Managing Exceptions:-
Additionally, std::future provides a way to manage any exceptions that might occur during the execution of an asynchronous task. Errors are captured using std::future::wait or std::future::wait_for and are then passed on by making use of the std::future::get function.
std::future<int> result = std::async(std::launch::async, []() {
throw std::runtime_error("An error occurred");
return 42;
});
try {
int finalResult = result.get(); // Exception will be thrown here
std::cout << "Result: " << finalResult << std::endl;
} catch (const std::exception& e) {
std::cout << "Exception caught: " << e.what() << std::endl;
}
Timeouts and Wait Functions:-
There exist multiple methods to pause until the result is ready or to define a specific timeout duration using std::future.
The functions wait, waitfor, and waituntil are part of this group.
wait: Delays execution until the outcome is ready, preventing the ongoing thread from proceeding.
The wait_for function is employed to delay the release of the outcome for a specified duration.
wait_until: This function is employed to delay the outcome's release until a designated time.
- These strategies offer adaptability in dealing with scenarios where indefinite waiting is not preferable and in overseeing asynchronous operations.
Shared Futures and Promises:-
- C++ provides std::promise and std::shared_future in addition to std::future to help with interthread communication.
- When setting a value or exception that can be retrieved asynchronously via a std::future, use std::promise .
- The asynchronous outcome of many std::future instances can be shared due to the std::shared_future.
Best Practices and Considerations:
- Avoid unnecessary blocking: Over-blocking a future could cause problems with performance in a multi-threaded setting. Employ non-blocking methods whenever it is practical.

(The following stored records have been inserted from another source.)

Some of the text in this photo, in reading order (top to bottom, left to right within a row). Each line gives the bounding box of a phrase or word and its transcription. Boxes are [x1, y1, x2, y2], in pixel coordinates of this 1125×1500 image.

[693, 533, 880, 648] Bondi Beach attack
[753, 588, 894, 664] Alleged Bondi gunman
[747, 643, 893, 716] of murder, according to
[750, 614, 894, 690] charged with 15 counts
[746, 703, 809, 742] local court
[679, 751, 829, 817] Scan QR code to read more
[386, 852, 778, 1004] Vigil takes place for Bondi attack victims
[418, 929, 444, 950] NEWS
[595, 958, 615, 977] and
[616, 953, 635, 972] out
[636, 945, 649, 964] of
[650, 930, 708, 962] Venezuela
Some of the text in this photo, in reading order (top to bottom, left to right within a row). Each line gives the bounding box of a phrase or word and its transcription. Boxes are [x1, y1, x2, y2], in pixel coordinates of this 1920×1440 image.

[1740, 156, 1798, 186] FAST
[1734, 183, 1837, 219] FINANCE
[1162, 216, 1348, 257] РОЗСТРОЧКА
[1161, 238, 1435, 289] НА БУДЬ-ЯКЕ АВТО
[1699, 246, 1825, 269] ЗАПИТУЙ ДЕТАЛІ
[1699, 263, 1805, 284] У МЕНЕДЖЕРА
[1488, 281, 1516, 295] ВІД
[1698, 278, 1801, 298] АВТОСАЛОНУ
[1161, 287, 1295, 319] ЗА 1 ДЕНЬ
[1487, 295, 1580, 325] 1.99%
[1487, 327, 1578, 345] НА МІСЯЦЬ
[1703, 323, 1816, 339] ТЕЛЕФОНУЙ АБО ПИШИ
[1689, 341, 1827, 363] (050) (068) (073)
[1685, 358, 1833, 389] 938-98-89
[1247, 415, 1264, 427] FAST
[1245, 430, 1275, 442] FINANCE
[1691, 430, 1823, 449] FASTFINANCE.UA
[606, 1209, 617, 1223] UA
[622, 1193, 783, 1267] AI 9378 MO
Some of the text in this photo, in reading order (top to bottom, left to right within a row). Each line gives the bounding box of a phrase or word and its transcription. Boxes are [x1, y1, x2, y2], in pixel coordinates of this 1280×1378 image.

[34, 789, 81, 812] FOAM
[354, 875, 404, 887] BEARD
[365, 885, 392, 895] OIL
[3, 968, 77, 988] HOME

- Exception Handling: When using std::future, always handle exceptions carefully to avoid unexpected program termination.
- Resource management: Exercise caution while determining the ownership and lifespan of resources, particularly when working with shared futures and numerous threads.
- Use std::async wisely: Although std::async is a handy technique to start asynchronous operations, different implementations may behave differently. Before widespread adoption, be aware of its subtleties.
Conclusion:
In summary, the std::future component in C++ proves to be a valuable asset for managing tasks that run asynchronously and producing results from parallel operations. With its functionalities, software engineers can develop asynchronous computations uniformly, leading to the creation of responsive and efficient applications. By mastering the utilization of std::future, developers can build robust and scalable concurrent programming solutions, ensuring error management, utilizing wait functions, and implementing industry-recommended techniques.